When the client is experiencing silence with a therapist who is comfortable in the waiting period, waiting for the two unconscious of both therapist and client to connect, does not create that same tension experienced at analytic level where it can be described as, and has been described as “resistance” in the work. The therapist must be comfortable in their skin to be able to sit in the silence and with presence to allow that deep core work to start to take place. It is not necessary to ever talk about or interpret what is taking place in that silence because the client is able to access a part of themselves that will actually welcome that silence for further growth and vision of themselves. Jung talks about never having a “Dogma” as he was always open to something else coming into view and I think that is one of the qualities that sandplay therapy brings to the client the potential that there is something else there and not suggestive, for silence can’t suggest, but it is more an organic checking in with what’s at the core of the psyche of the sandplay, and when they get there, oh they know they got there and there is a body felt understanding at a deep place within the therapist facilitating that.
The book advises of Karen Signell’s three different types of silence: “an Ego Silence/Conscious Silence – the kind you experience stepping into a library.
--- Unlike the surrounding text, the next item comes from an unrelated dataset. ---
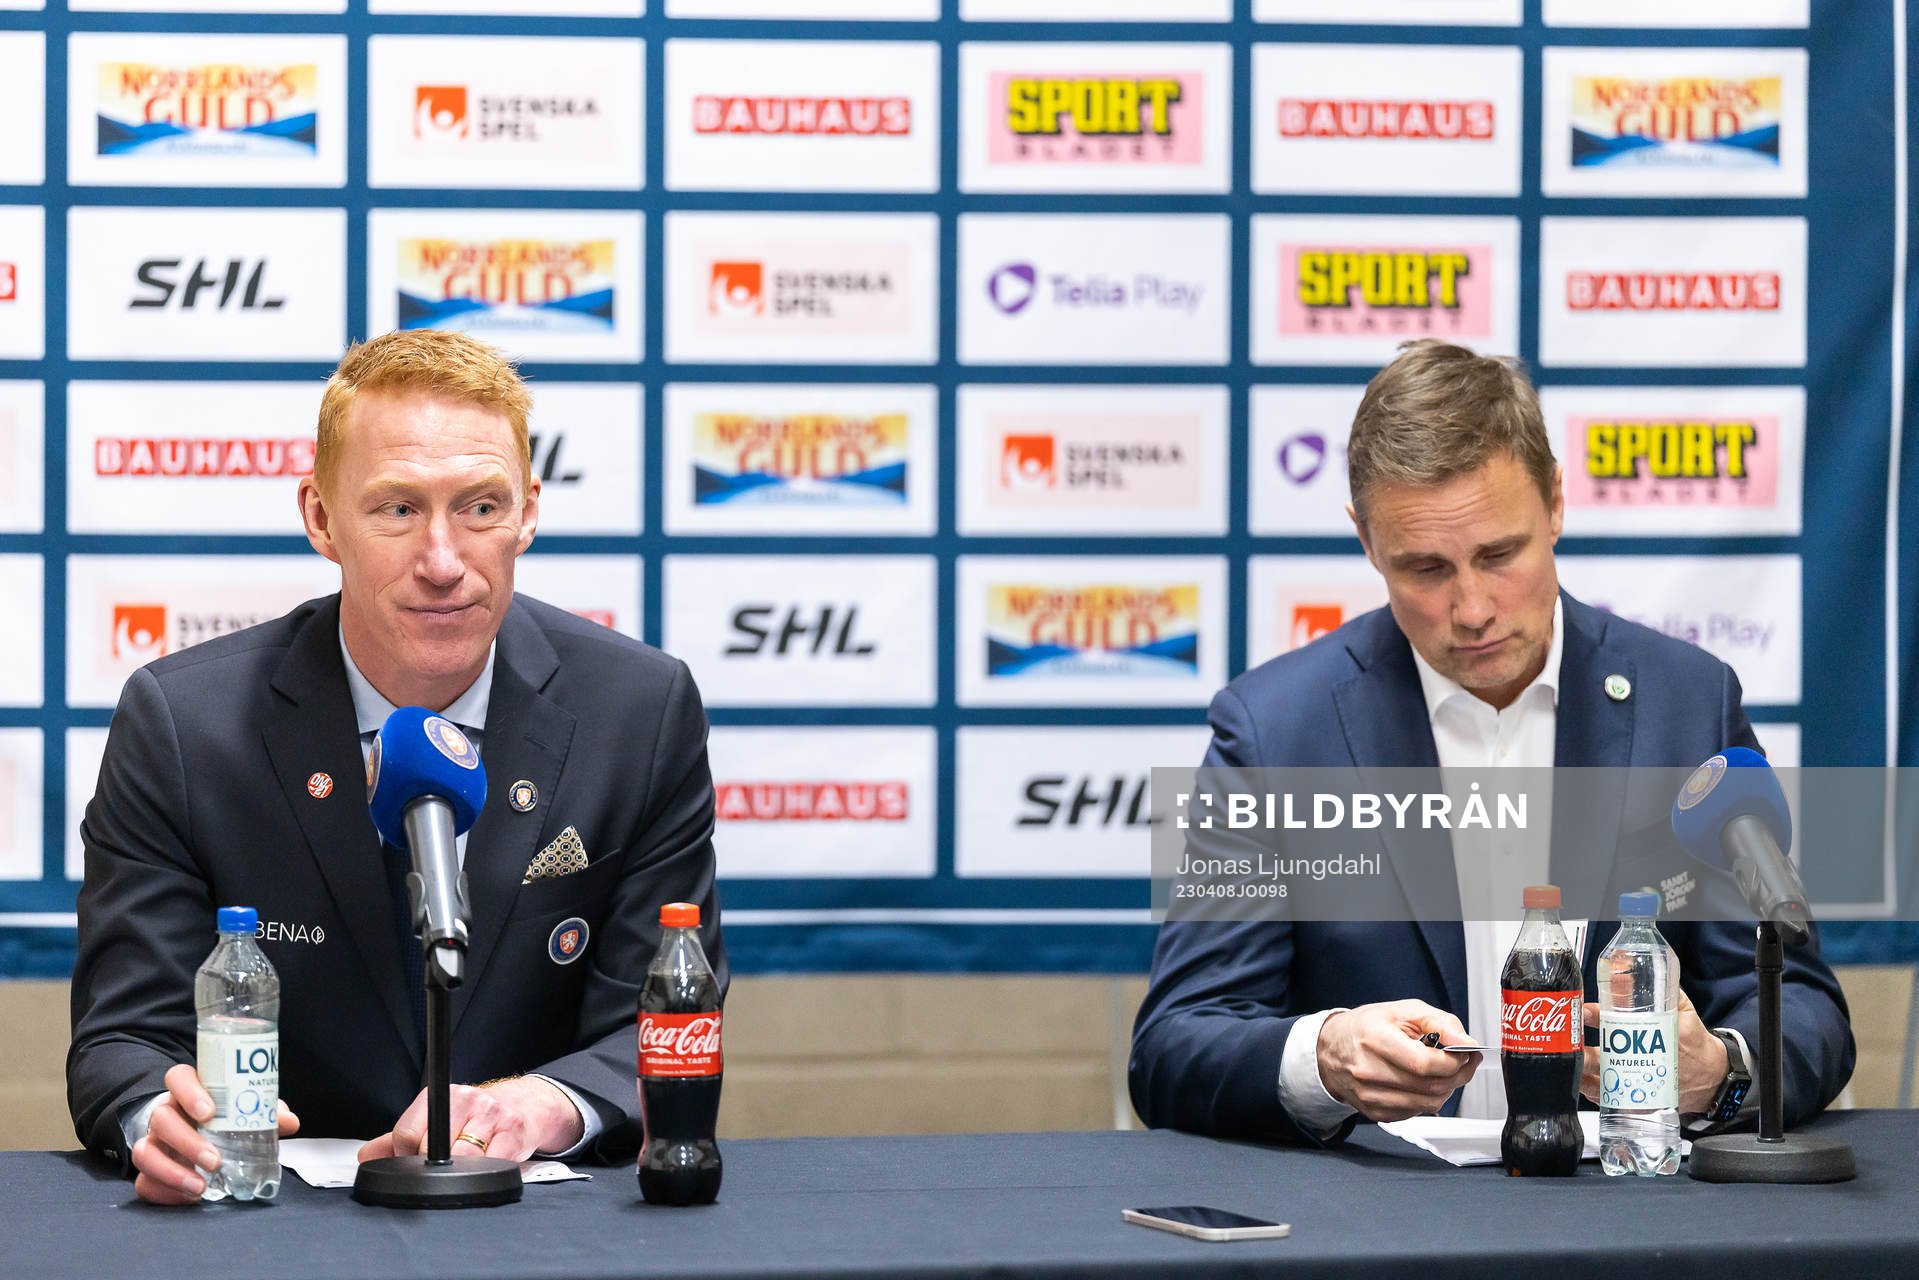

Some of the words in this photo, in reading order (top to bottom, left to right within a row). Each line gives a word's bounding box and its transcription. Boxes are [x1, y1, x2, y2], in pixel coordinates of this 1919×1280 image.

Natural Silence – the kind you experience when you walk into a forest and Deep Silence – a profound state of silence when you enter into the deeper layers of the unconscious where you find a more profound and ineffable place within you” (Page 27). So it is in that Deep Silence place that we experience sandplay and this is where both (client and therapist) experience a transformation.
The three authors share with us in this book a wealth of wisdom highlighting the many levels of our relationship with our clients. I feel that this wisdom is pertinent in all aspects of therapeutic work and not just to the Sandplay medium.